GParted is pretty conservative about this, but it can be done with other tools; however, there are significant differences depending on the partitioning method (conventional partitions vs. LVM) and the filesystem in use. For instance:
- You must distinguish between resizing partitions (which are simple data structures that identify the start and end points of filesystems or other data structures) and filesystems (which are much more complex data structures to help identify files, directories, and associated metadata). GParted presents one user interface for performing both actions, thus masking this important distinction.
- When resizing a conventional partition that's used "raw," you need to either resize, or delete and re-create, the partition you want to change. You do this before increasing the size of a filesystem from its end or after shrinking the filesystem if you want to decrease the size of a partition. Because of the way the Linux kernel handles these things, it may be difficult to get the kernel to recognize the changed partition size of a partition with an active filesystem, so you may need to reboot after making a change to the size of a partition.
- Moving a partition or resizing it by changing its start point requires re-writing significant amounts of the filesystem it contains. This is because filesystems are defined, in part, by data structures that are located relative to the start of the partition (or other container). GParted handles this more-or-less transparently, but if you want to do it with other tools, you'll need to be very careful to move the filesystem data structures and to get the resized partition to start at exactly the right point. This is a task for experts with nerves of steel; do not attempt such things unless you know what you're doing! Even an expert would do this only after making a backup.
- Another data structure type is Logical Volume Manager (LVM), which is an alternative way to identify filesystems. LVM is typically layered atop ordinary partitions -- that is, you designate one or more partitions as physical volumes (PVs) in an LVM volume group (VG), then subdivide that VG into logical volumes (LVs), which are what hold filesystems. Despite the added complexity, LVM makes it easier to resize filesystems because LVs are more like files -- you don't need to be concerned with where they begin or end; you just need to know the LV's name and size.
- If you use LVM, logical volumes (LVs) hold filesystems, and so you're normally concerned with resizing LVs, not partitions. Resizing LVs while they're in use is easy, and is done via
lvresize; but the filesystems they contain may still need to be resized separately. (Sometimes the
--resizefs option to
lvresize will help with this task, though.)
- If you want to increase the total space used by LVM, you can add a new partition as a PV and then resize LV(s) within the VG. If your LVM setup contains multiple PVs, you can reverse this process (although you may need to explicitly clear out one or more PVs with
pvmove followed by
vgreduce). If you've got one big PV, you'll need to resize it with
pvresize and then adjust the containing partition's size with
gdisk, or some other tool.
- Different partitions support different methods of resizing. For the popular ext4fs (and its predecessors, ext3fs and ext2fs), you can use
resize2fs to do this job. This tool supports increasing or decreasing the size of unmounted filesystems; but for mounted filesystems, the size can be increased but not decreased. For other filesystems, you must consult the filesystem's own sizing tools.
- GUI tools like
system-config-lvm can help with LV resizing when using LVM.

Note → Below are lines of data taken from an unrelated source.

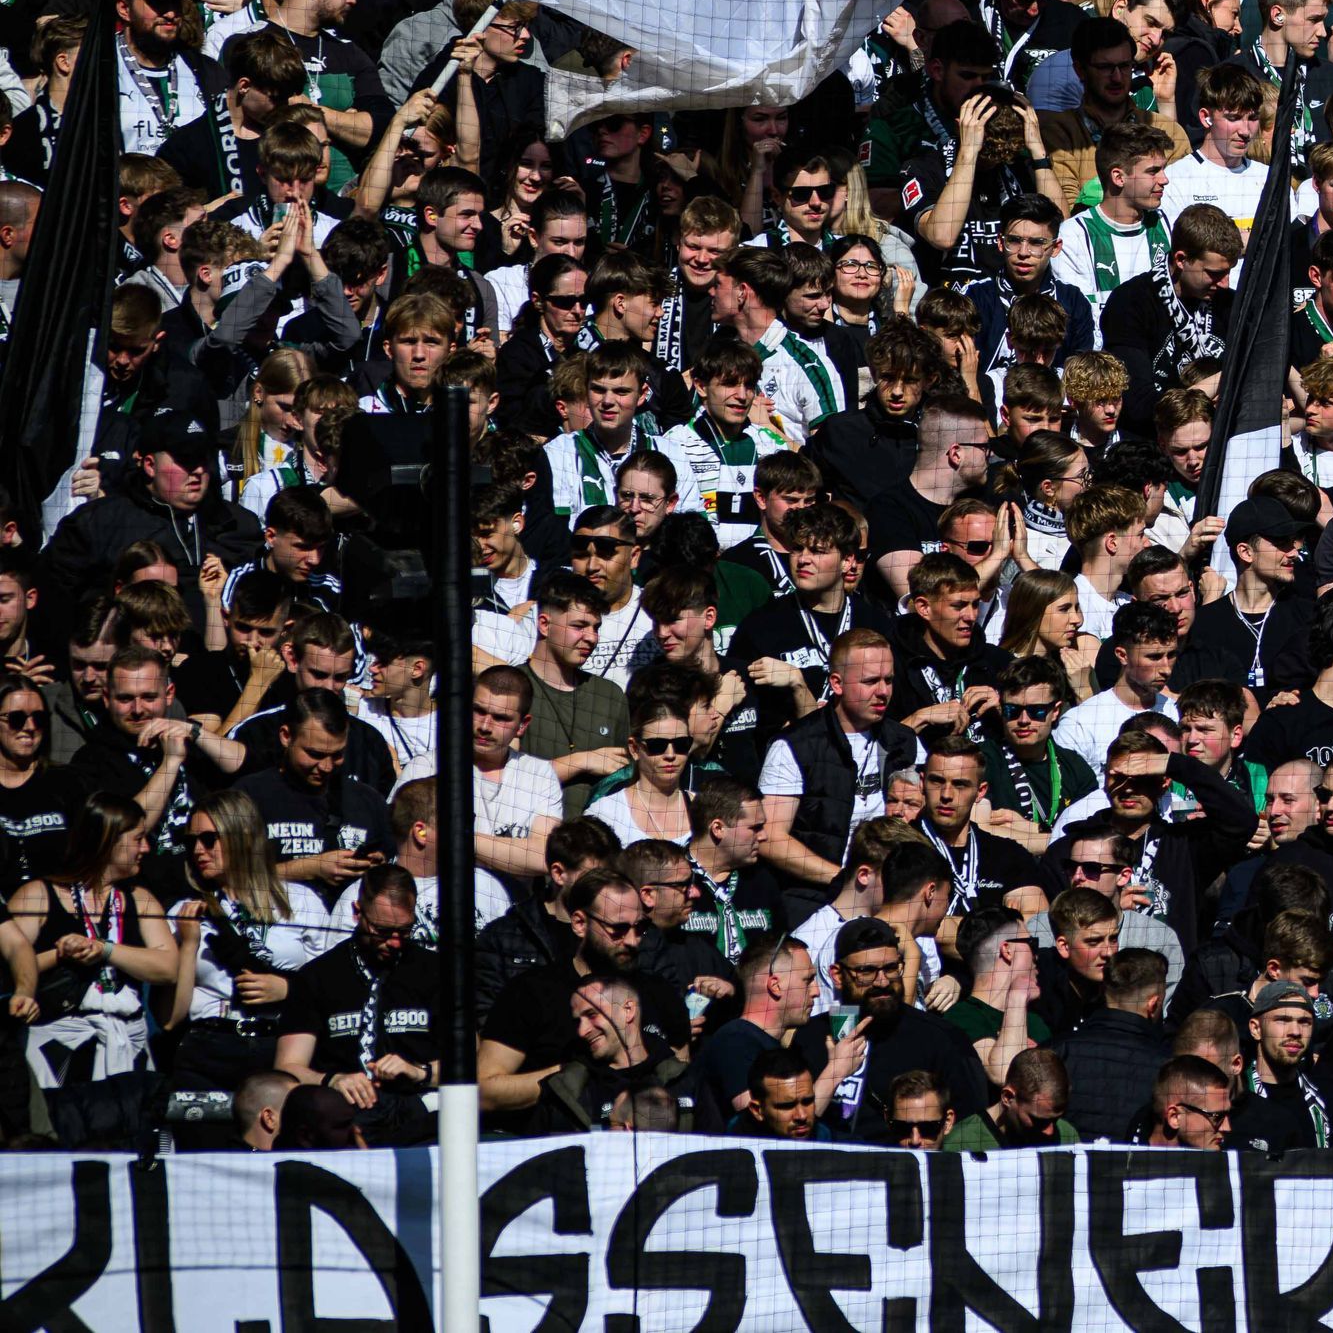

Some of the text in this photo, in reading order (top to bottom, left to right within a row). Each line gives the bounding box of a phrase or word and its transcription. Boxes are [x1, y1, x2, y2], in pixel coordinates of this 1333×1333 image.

[269, 824, 316, 838] NEUN
[281, 838, 325, 853] ZEHN
[329, 1011, 428, 1031] SEIT 1900
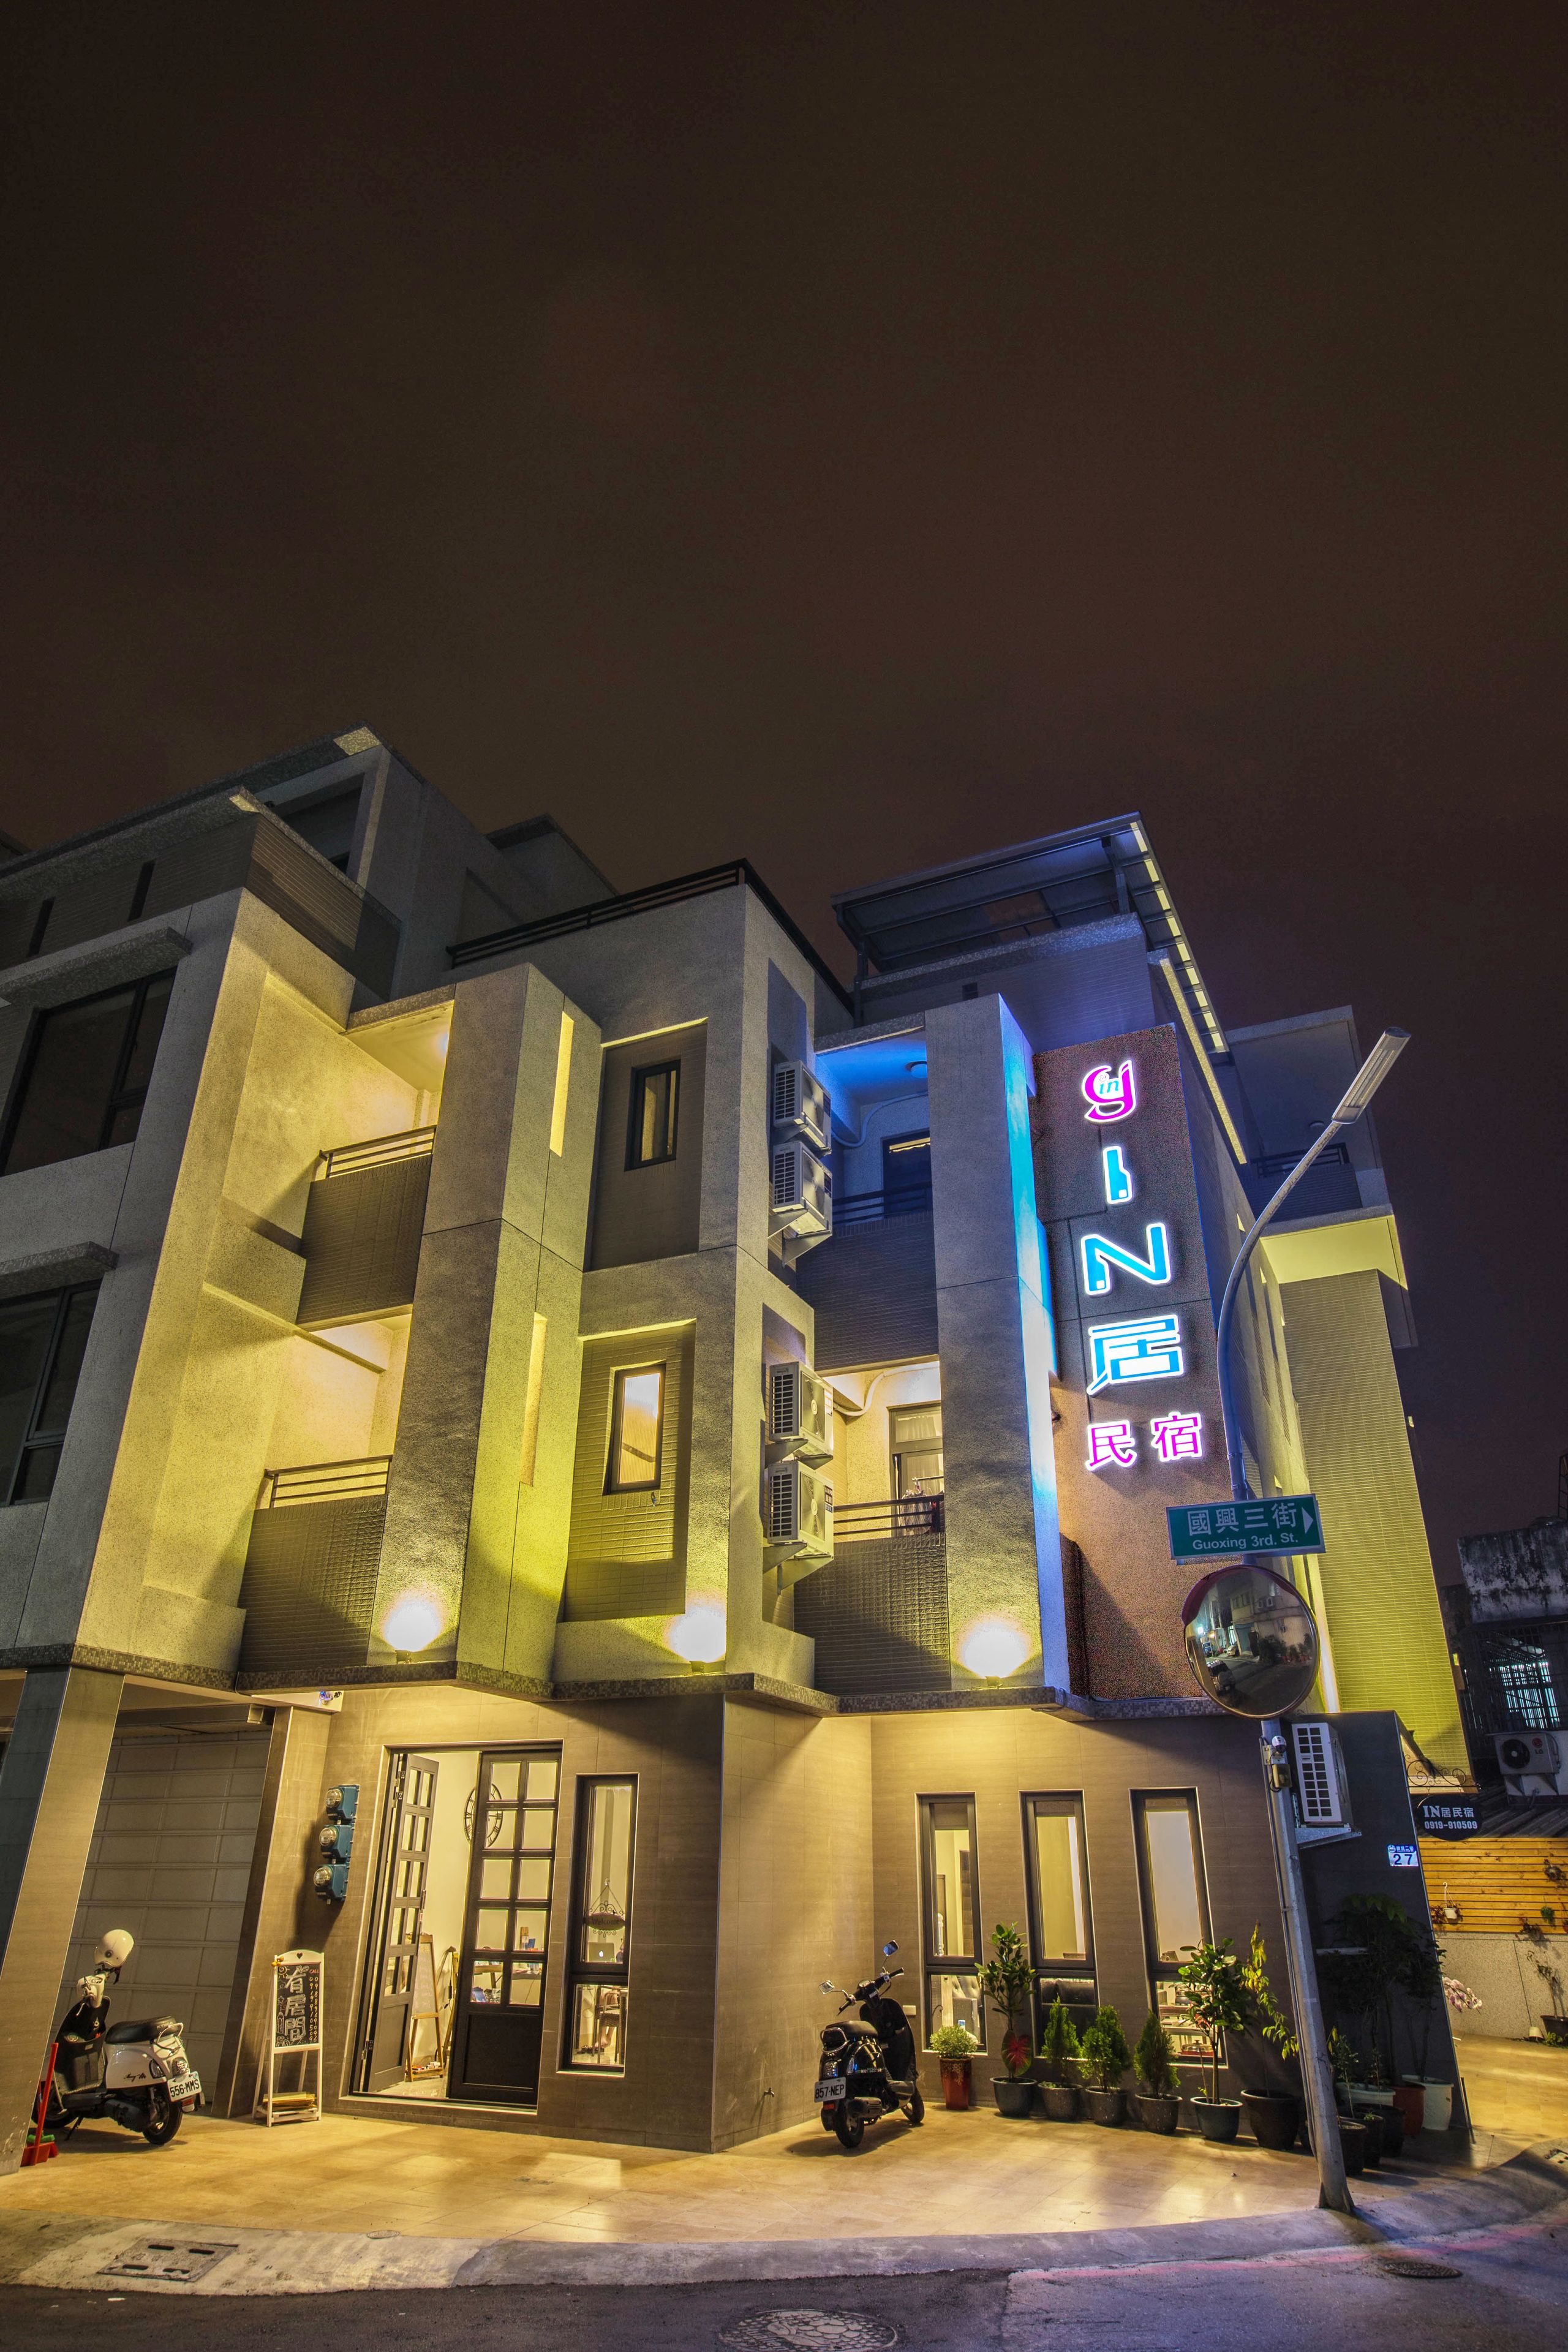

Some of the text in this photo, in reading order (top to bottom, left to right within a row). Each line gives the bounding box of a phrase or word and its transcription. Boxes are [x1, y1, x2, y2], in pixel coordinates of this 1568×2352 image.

[1085, 1411, 1203, 1471] 民宿
[1187, 1502, 1297, 1536] 國興三街
[1193, 1532, 1298, 1550] Guoxing 3rd. St.
[1393, 1854, 1412, 1865] 27
[170, 2079, 200, 2097] 556-MMS
[815, 2084, 845, 2098] 857-NEP

I don't use the Windows tools very often; however, my vague recollection is that, when you resize an in-use Windows partition, its tools require a reboot as part of the operation. If this recollection is correct, then the Linux and Windows tools actually aren't all that different from a low-level point of view; it's just that Windows helps automate the different steps involved, whereas you must explicitly do the different things yourself under Linux. In some cases, such as when increasing the size of an LV, Linux may actually be more flexible than Windows.
The why of it has to do with the way the data structures are created and otherwise manipulated by the kernel; the kernel tends to assume that partitions that are in use won't change in size. That said, I'm not familiar with the internal kernel details, just some of the system calls that partitioning tools can use to tell the kernel to update its partition-table data. There have also been changes to how the kernel handles this from time to time; but such changes require changes to userspace tools that may take a while to propagate. GParted is itself built on numerous other levels (most notably libparted, but also GUI libraries, the X Window System, etc.), so it can be slow to catch up to new features at the kernel level.
There are numerous questions and answers on this site that cover numerous specific resizing scenarios. Covering them all in a single answer would be tedious and impractical.